Air force of the Republic of Abkhazia

The Abkhazian Air Force is a small air force, which is a part of the Abkhazian Armed Forces, operating from Abkhazia.

== History ==
Few details are available on its formation, but it is reported to have been established by Viyacheslav Eshba, originally operating several Yak-52 trainer aircraft armed with machine guns. Its first combat mission was conducted on 27 August 1992, which has come to be celebrated in Abkhazia as "Aviation Day." The Abkhaz Air Force claims to have made 400 operational flights during the 1992-1993 Abkhaz-Georgian war. Abkhaz combat losses during the civil war are uncertain, but include a Yak-52 on a reconnaissance mission near Sukhumi on 4 July 1993.

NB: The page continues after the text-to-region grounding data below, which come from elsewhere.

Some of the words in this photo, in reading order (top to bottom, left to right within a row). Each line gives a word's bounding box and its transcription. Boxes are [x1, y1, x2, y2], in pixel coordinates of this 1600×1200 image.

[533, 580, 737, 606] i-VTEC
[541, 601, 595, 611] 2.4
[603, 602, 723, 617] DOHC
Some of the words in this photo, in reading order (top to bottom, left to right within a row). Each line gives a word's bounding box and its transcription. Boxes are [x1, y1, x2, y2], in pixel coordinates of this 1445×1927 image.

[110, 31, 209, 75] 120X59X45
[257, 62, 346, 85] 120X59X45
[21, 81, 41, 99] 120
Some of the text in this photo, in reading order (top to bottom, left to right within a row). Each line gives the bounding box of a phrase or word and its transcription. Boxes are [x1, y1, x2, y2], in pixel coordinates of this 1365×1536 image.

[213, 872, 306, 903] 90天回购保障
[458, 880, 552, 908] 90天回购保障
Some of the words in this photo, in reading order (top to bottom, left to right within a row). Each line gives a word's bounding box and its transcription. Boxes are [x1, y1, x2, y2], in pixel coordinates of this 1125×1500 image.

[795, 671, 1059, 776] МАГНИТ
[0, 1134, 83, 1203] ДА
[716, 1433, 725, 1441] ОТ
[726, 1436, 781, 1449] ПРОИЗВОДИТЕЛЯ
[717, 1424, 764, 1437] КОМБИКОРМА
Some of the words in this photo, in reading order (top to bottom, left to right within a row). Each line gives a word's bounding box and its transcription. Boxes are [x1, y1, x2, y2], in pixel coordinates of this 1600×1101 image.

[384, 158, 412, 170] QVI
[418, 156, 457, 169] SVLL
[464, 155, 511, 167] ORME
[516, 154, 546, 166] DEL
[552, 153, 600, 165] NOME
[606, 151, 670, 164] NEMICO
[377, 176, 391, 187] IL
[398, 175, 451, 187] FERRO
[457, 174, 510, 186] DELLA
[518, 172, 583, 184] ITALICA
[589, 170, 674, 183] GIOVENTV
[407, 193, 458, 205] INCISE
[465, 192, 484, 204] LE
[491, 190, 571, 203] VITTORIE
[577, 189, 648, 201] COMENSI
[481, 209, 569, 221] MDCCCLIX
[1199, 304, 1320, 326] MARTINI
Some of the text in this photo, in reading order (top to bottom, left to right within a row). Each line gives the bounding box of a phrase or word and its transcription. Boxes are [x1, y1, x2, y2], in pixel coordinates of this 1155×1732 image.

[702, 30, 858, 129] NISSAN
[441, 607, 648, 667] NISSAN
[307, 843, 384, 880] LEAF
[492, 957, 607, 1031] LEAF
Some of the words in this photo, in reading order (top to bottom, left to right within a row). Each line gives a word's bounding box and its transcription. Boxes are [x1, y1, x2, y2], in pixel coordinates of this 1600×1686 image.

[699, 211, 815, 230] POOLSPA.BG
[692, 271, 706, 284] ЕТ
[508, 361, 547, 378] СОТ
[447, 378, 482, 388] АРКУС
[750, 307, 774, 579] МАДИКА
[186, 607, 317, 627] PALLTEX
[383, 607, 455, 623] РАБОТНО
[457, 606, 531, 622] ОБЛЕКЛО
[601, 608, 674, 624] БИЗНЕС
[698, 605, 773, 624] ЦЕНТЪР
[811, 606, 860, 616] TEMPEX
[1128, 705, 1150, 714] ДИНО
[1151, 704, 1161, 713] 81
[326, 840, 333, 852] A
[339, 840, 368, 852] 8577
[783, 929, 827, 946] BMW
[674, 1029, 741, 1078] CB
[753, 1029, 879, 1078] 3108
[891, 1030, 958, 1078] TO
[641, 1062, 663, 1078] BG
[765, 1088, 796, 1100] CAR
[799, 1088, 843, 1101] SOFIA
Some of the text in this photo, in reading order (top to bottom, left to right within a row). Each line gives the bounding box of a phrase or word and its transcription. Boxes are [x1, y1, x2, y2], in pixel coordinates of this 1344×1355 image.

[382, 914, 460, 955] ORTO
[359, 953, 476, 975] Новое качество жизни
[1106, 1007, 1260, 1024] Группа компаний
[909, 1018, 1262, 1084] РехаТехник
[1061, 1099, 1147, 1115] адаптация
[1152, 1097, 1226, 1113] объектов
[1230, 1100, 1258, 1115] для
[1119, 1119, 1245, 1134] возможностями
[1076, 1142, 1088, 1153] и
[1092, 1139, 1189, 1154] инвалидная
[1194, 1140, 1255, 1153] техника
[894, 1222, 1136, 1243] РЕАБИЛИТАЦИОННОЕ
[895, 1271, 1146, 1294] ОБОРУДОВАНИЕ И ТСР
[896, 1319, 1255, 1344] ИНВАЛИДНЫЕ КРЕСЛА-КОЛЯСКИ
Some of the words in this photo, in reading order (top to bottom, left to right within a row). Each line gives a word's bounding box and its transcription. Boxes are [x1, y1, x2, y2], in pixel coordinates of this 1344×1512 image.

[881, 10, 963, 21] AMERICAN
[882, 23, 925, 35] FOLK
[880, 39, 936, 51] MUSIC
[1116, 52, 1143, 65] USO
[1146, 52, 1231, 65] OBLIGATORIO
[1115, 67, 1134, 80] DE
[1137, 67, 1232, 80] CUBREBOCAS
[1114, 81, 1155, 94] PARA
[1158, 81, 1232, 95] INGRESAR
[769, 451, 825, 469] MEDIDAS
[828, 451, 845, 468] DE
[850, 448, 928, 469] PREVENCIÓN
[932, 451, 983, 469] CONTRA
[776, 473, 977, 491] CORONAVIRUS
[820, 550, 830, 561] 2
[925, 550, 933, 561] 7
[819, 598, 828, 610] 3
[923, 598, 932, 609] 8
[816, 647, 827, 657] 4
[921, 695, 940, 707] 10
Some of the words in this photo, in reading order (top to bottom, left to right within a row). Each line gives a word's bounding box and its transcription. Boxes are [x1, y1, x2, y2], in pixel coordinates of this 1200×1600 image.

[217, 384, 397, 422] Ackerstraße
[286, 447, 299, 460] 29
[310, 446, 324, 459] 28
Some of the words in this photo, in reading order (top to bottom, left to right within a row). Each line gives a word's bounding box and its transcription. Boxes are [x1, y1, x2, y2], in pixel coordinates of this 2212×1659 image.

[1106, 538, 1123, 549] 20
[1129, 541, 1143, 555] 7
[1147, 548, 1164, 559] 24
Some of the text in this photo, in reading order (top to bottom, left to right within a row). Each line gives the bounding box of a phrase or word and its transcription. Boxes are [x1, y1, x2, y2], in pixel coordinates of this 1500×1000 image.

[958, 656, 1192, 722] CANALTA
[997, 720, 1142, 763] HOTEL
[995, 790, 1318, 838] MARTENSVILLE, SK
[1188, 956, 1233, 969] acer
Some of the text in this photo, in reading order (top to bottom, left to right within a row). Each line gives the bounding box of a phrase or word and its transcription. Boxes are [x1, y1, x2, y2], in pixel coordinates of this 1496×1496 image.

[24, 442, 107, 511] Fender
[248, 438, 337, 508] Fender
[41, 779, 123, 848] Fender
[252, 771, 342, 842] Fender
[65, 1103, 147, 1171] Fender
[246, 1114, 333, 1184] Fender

In the autumn of 2001, Abkhazia's air force was reported to comprise 250 personnel, 1 Su-25, 2 L-39, 1 Yak-52, and 2 Mi-8. The display of three L-39s at a parade in 2004 suggests a possible recent acquisition. In February 2007, a Russian website reported that Abkhazia has 2 Su-27 fighters, 1 Yak-52, 2 Su-25 attack aircraft, 2 L-39 combat trainers, 1 An-2 light transport, 7 Mi-8 helicopters, and 3 Mi-24 helicopters. However, an undated 2007 Abkhaz source gave the inventory for the Abkhazian Air Force as 16 MiG-21, 46 Su-25, 2 L-39, 1 Yak-52, and 2 Mi-8. In March 2008, a military aviation enthusiast website repeated this inventory but added 9 Mi-24/35 attack helicopters.

The World Air Forces 2015 publication (the first World Air Forces publication to list Abkhazian Air Force) listed the Abkhazian Air Force inventory as follows: 1 Mi-17, 2 Mi-35, 5 L-39. By World Air Forces 2016 these had changed to: 1 Mi-8, 2 Mi-24, 5 L-39.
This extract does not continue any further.